The Tenores style of singing is the proof of the existence of polyphony in ancient age on the island of Sardinia. But it is difficult to establish precisely the origins of Tenores singing because of the entangled history of Sardinia, full of domination by other civilizations, such as the as the Phoenicians, Carthaginians, Romans, Arabs and Spaniards.

Some historians, in relation to the archaeological discoveries (a little bronze statuette representing a man singing), guess the story of Tenores begins around 3,000 years ago. The traditional singing is related to shepherd life, to their loneliness, only in touch with nature.

Often, the Tenores singing is accompanied by the evocative traditional dances and costumes

The a tenore song is a “polyvocal” form in four parts, typical of the middle-north of Sardinia, where each part has to be sung by one single male singer (cantore). As each part can not absolutely be doubled, the group of Tenores has to be composed of four people.

The formal structure of the a tenore song can be essentially defined as a canto ad accordo, that is a melodic line, performed by a soloist, sa ‘oghe (the voice), which is accompanied by chords made by the other three cantori (singers). Sa oghe, the leader of the group, both sing the text and leads the singing, choosing the tone, the tempo, the speed, the length, and the tonal shifting. The other parts are usually called su bassu, sa contra and sa mesu oghe.

Su bassu, the lowest pitched voice, normally sings one single note repeating it continuously an octave below the basic note of the melody of sa boghe, thus determining the fundamental of the chord. Its role is fundamental to give solidity to the harmonic and rhythmical structure.

Sa contra works in close collaboration with su bassu, performing the some rhythmical structure tuned a fifth above the latter. Su Bassu and sa contra together form the rhythmical base for the other two voices.

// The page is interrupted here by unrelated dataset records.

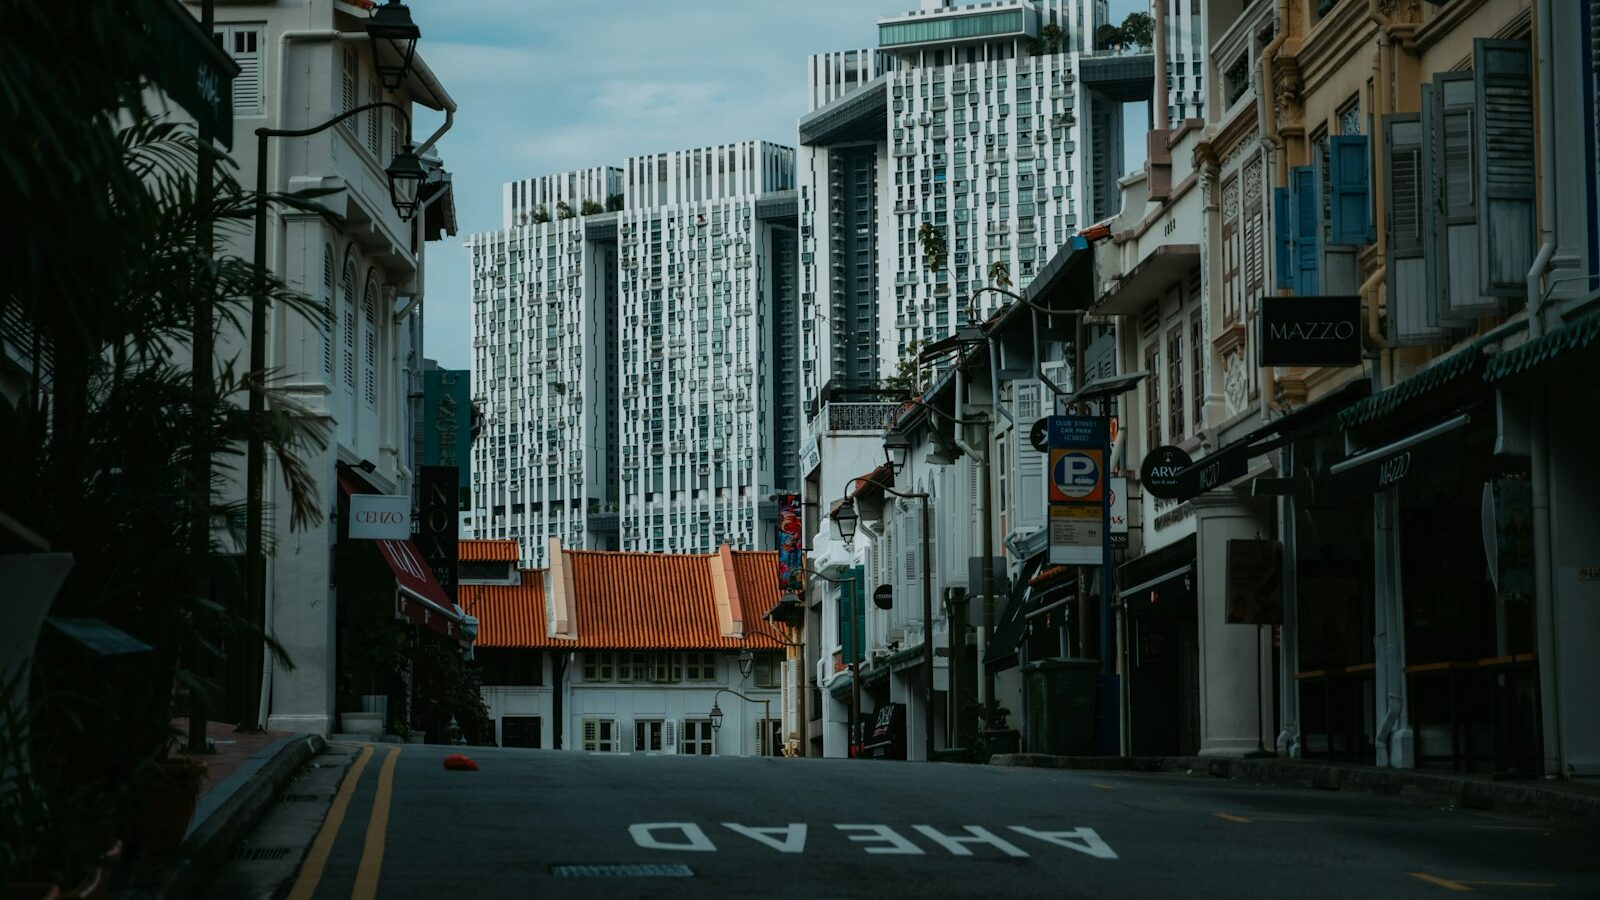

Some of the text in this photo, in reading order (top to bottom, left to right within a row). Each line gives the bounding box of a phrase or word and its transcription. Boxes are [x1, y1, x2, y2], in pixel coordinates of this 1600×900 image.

[1270, 320, 1354, 340] MAZZO
[1074, 420, 1097, 428] STREET
[1379, 452, 1411, 487] MAZZO
[428, 483, 449, 559] NOX
[627, 821, 1120, 859] AHEAD

Sa mesu oghe, relatively freer than the previous voices, is higher than sa oghe and can color and ornate the singing, and complete the harmonic structure, strictly formed by major chords. The three parts which accompany sa oghe, perform a rhythmic and harmonic base, pronouncing non-sense syllables (syllables without meaning) which vary from area to area (bim-bò, bim-bam-bò, etc.).

The ethnomusicologist Pietro Sassu has been the first to consider the group (gruppo) which sings a tenore not as a choir but as an “integration among four soloists” {Sassu 1982}, because, despite their often sought homogeneity and fusion, each element approaches his part in a personal way, and with a certain freedom of variation: the purpose is the fusion of the voices, not the anonymous overlapping of sounds.

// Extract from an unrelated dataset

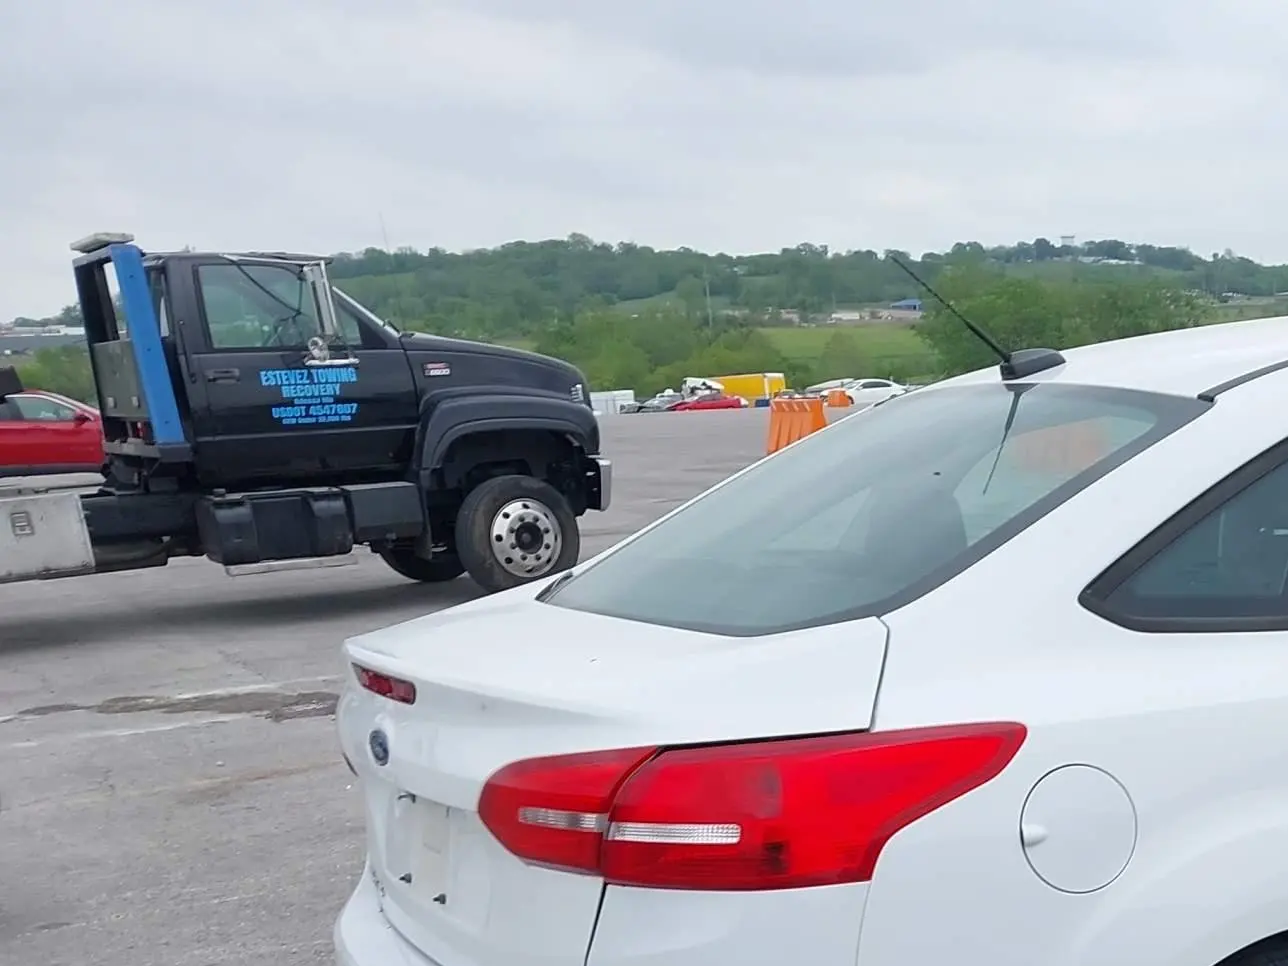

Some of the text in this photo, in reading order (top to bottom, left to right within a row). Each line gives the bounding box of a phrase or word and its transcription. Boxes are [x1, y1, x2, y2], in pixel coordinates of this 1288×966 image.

[260, 367, 358, 386] ESTEVEZ TOWING
[281, 383, 341, 398] RECOVERY

To define the group of the four singers, of their way of singing, the term tenore (in the singular form to indicate the four cantori) or Tenores (the components) is certainly the most wide-spread, even if in some villages they use terms like su cuntrattu, su cussertu or su cuncordu. According to the villages, then, these terms sometimes indicate the group of the four singers, sometimes only the choir of the three elements who accompany the soloist.

One of the peculiarities which makes the a tenore song a characteristic and well known genre is the particular timber of su bassu and sa contra. These two parts use, in fact, a guttural timbre, obtained employing the resonance of the oral cavity and the nasal one, in a particular way.

The origins of the a tenore song is one of the must difficult and uncertain subject among the experts. One thesis, perhaps the most poetic, but not the most scientific one, claims that the a tenore song originated a long time ago among the Sardinian shepherds in the lonely countryside; su bassu may reproduce, by imitation, the lowing of the ox, sa contra, the bleating of the sheep, and sa mesu oghe the sound of the wind.

Different indications are given by the ethnomusicologist Ignazio Macchiarella who, studying the interweaving of written tradition with the oral one, as far as the canto ad accordo or falsobordone (basically a chordal structure corresponding to that of a tenore song) is concerned, points out how this polyvocal form cannot be traced back before the 15th century (Macchiarella 1995).

Up to now studies don’t go further. No one knows when the a tenore song originated, but it’s very probable that at the end of the year 400, it was already present.

This article is based on a text provided courtesy of Tenores di Bitti.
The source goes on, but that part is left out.